Tumor cells’ 'ferroaddiction' can be exploited to deliver powerful anticancer drugs

Researchers at the University of California, San Francisco (UCSF), have discovered that cells carrying the most common mutation found in human cancer accumulate large amounts of ferrous iron and that this "ferroaddiction" can be exploited to specifically deliver powerful anticancer drugs without harming normal, healthy cells. The therapeutic strategy, described in a study to be published March 9 in the Journal of Experimental Medicine (JEM), could be used to treat a wide variety of cancers driven by mutations in the KRAS gene.

Mutations in KRAS are found in many cancers and are particularly common in pancreatic ductal adenocarcinoma (PDA), colorectal cancer, acute myeloid leukemia, and lung adenocarcinoma. In total, KRAS mutations are thought to cause a quarter of all cancer deaths by activating cell signaling pathways that drive cell proliferation and enhance cell survival. These signaling pathways can be blocked by drugs that inhibit some of the proteins activated by KRAS, but, in addition to killing cancer cells, these drugs are highly toxic to healthy cells and tissues, limiting their use at doses needed to inhibit signaling in cancer cells.

For example, inhibitors of the MEK1/2 enzymes have shown clinical benefit, but the approach suffers from dose-limiting toxicities in the eye, skin, gut, and other organs. Clinical experience has shown that sustainable dosing of these inhibitors is often well below FDA-approved dose, severely hampering the dose intensity achievable in the tumor cell and ultimately limiting clinical efficacy."

Eric A. Collisson, MD, Professor, Department of Medicine, UCSF

In the new JEM study, first author Honglin Jiang and colleagues develop a method to target MEK inhibitors, and potentially other anticancer agents, to KRAS-driven tumors without harming other, healthy tissues in the body.

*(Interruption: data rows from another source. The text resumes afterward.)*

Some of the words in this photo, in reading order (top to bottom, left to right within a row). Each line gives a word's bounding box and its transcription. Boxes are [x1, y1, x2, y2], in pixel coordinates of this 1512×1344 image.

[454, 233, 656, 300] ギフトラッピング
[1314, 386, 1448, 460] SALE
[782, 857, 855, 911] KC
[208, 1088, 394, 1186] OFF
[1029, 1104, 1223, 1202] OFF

The researchers discovered that a wide variety of KRAS-driven tumors show increased activity of genes involved in iron uptake and metabolism, and, in PDA, this increase in gene activity correlated with shorter survival times. PET scans of PDA patients showed that their tumors accumulated high levels of iron. Jiang and colleagues wondered whether this addiction to iron might provide a way to target these cancer cells more precisely.

"We found that the elevated levels of iron, particularly in its ferrous, Fe²⁺ oxidation state, are driven by oncogenic KRAS, so we hypothesized that mutant KRAS-driven PDA tumor cells might be selectively targeted with a ferrous iron–activatable drug conjugate (FeADC)," explains Adam R. Renslo, a professor in the Department of Pharmaceutical Chemistry at UCSF who led the study.

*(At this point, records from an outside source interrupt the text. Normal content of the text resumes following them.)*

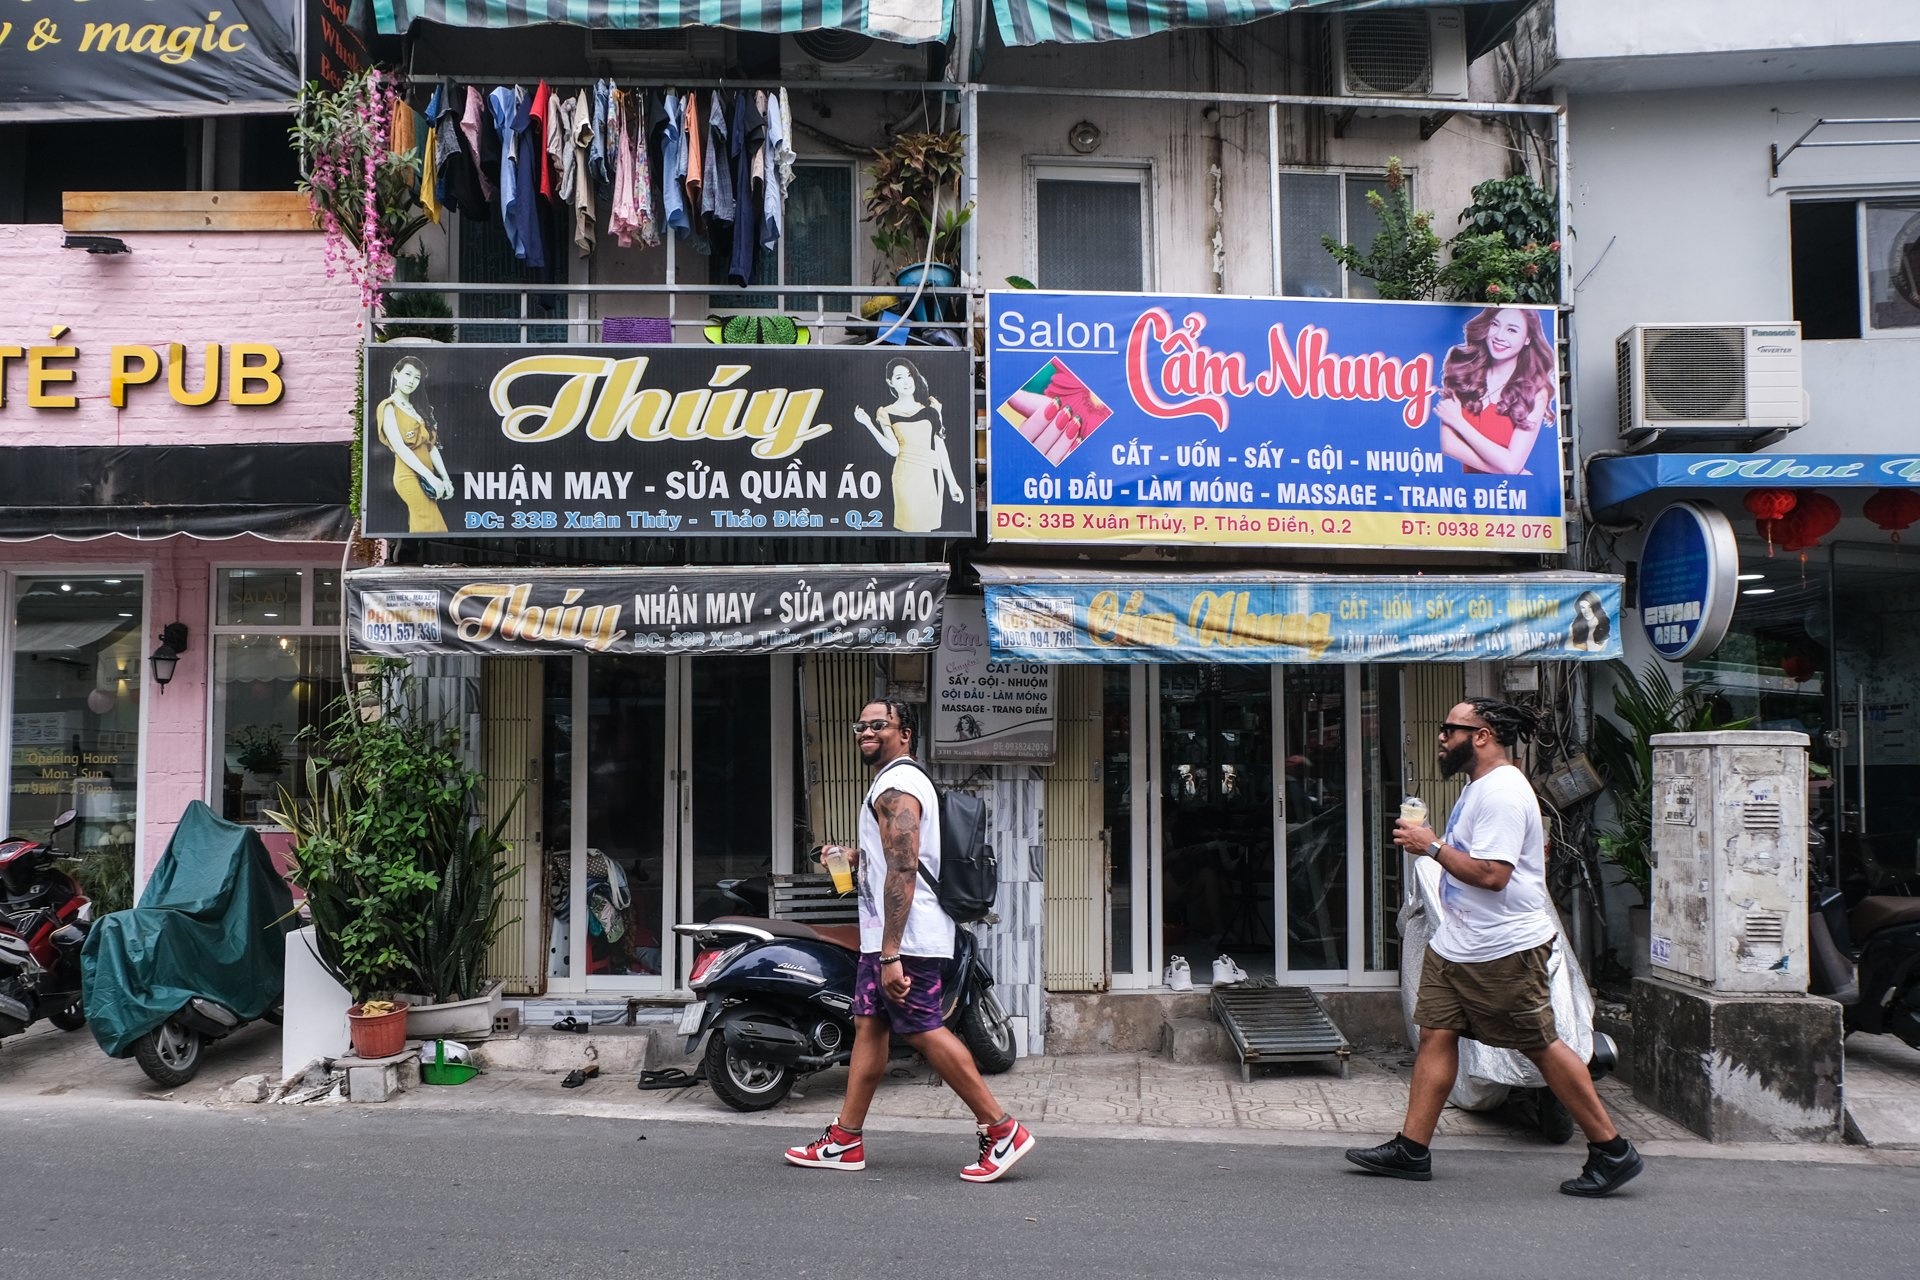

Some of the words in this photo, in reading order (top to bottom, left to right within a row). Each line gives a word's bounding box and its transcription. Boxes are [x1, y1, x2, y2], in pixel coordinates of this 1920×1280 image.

[27, 17, 61, 52] &
[78, 11, 248, 65] magic
[997, 311, 1116, 349] Salon
[1752, 328, 1796, 337] Panasonic
[109, 343, 284, 409] PUB
[1126, 306, 1254, 432] Cẩm
[1256, 322, 1438, 429] Nhung
[489, 354, 833, 460] Thúy
[1111, 437, 1153, 466] CẮT
[1177, 439, 1221, 468] UỐN
[1244, 440, 1285, 469] SẤY
[1307, 445, 1343, 475] GỘI
[1366, 447, 1444, 477] NHUỘM
[463, 464, 552, 506] NHẬN
[564, 471, 634, 500] MAY
[666, 460, 730, 499] SỬA
[740, 459, 827, 504] QUẦN
[837, 464, 882, 499] ÁO
[1024, 474, 1061, 504] GỘI
[1068, 471, 1113, 500] ĐẦU
[1137, 475, 1182, 502] LÀM
[1190, 476, 1254, 503] MÓNG
[1277, 483, 1377, 506] MASSAGE
[1399, 486, 1467, 509] TRANG
[1474, 480, 1527, 510] ĐIỂM
[465, 510, 505, 529] ĐC:
[511, 510, 558, 529] 33B
[564, 510, 621, 529] Xuân
[627, 509, 683, 531] Thủy
[711, 509, 767, 528] Thảo
[773, 508, 824, 528] Điền
[845, 510, 883, 529] Q.2
[997, 512, 1032, 528] ĐC:
[1039, 513, 1075, 529] 33B
[1082, 513, 1130, 530] Xuân
[1136, 513, 1187, 533] Thủy,
[1193, 516, 1208, 531] P.
[1215, 515, 1262, 532] Thảo
[1267, 517, 1315, 535] Điền,
[1321, 518, 1352, 535] Q.2
[1401, 520, 1431, 536] ĐT:
[1437, 520, 1479, 538] 0938
[1485, 522, 1516, 538] 242
[1521, 523, 1553, 539] 076
[634, 584, 698, 632] NHẬN
[706, 592, 757, 624] MAY
[779, 579, 825, 624] SỬA
[833, 577, 895, 627] QUẦN
[901, 582, 933, 622] ÁO
[1339, 591, 1368, 620] CẮT
[1382, 593, 1413, 620] UỐN
[1425, 592, 1455, 620] SẤY
[1468, 594, 1494, 623] GỘI
[449, 583, 627, 652] Thúy
[366, 623, 438, 642] 0931.557.336
[669, 631, 706, 648] 33B
[709, 631, 754, 647] Xuân
[906, 626, 935, 645] Q.2
[1341, 629, 1365, 654] LÀM
[1408, 634, 1446, 652] TRANG
[948, 673, 969, 686] SẤY
[978, 675, 999, 689] GỘI
[1008, 676, 1048, 690] NHUỘM
[941, 688, 961, 701] GỘI
[993, 690, 1013, 700] LÀM
[1016, 690, 1048, 701] MÓNG
[941, 704, 985, 713] MASSAGE
[992, 705, 1023, 714] TRANG
[1025, 702, 1048, 715] ĐIỂM
[28, 752, 79, 767] Opening
[83, 752, 118, 764] Hours
[42, 768, 69, 779] Mon
[81, 768, 103, 779] Sun

FeADCs are inactive versions of drugs that break apart in the presence of Fe²⁺, releasing the drug's active version. The approach was inspired by anti-malarial drugs like artemisinin that target Fe²⁺ in the parasite as it invades red blood cells and degrades hemoglobin, producing large amounts of free heme iron.

Renslo and the team synthesized an FeADC version of the FDA-approved MEK inhibitor cobimetinib. Laboratory tests showed that this drug conjugate, named TRX-cobimetinib, had little effect on human skin or retinal cells but was activated inside KRAS mutant cancer cells, inhibiting the KRAS–MEK signaling pathway and blocking cell growth.

The researchers then tested TRX-cobimetinib in several different mouse models of KRAS-driven cancer, including PDA and lung adenocarcinoma. In each case, TRX-cobimetinib inhibited tumor growth just as well as normal cobimetinib. Unlike normal cobimetinib, however, TRX-cobimetinib caused no detectable damage to other, healthy tissues. This lack of toxicity allowed the researchers to combine TRX-cobimetinib treatment with other anticancer drugs. These combination therapies were even better at inhibiting tumor growth with little side effect on other tissues.

"In this study, we describe a therapeutic strategy that enables more tolerable and efficacious combination therapies targeting the signaling pathways in KRAS-driven tumors," Collisson says. "The discovery of pharmacologically exploitable ferroaddiction in KRAS-driven cancers holds promise to improve the treatment of deadly cancers through a practicable and generalizable approach to FeADC design, development, and clinical testing."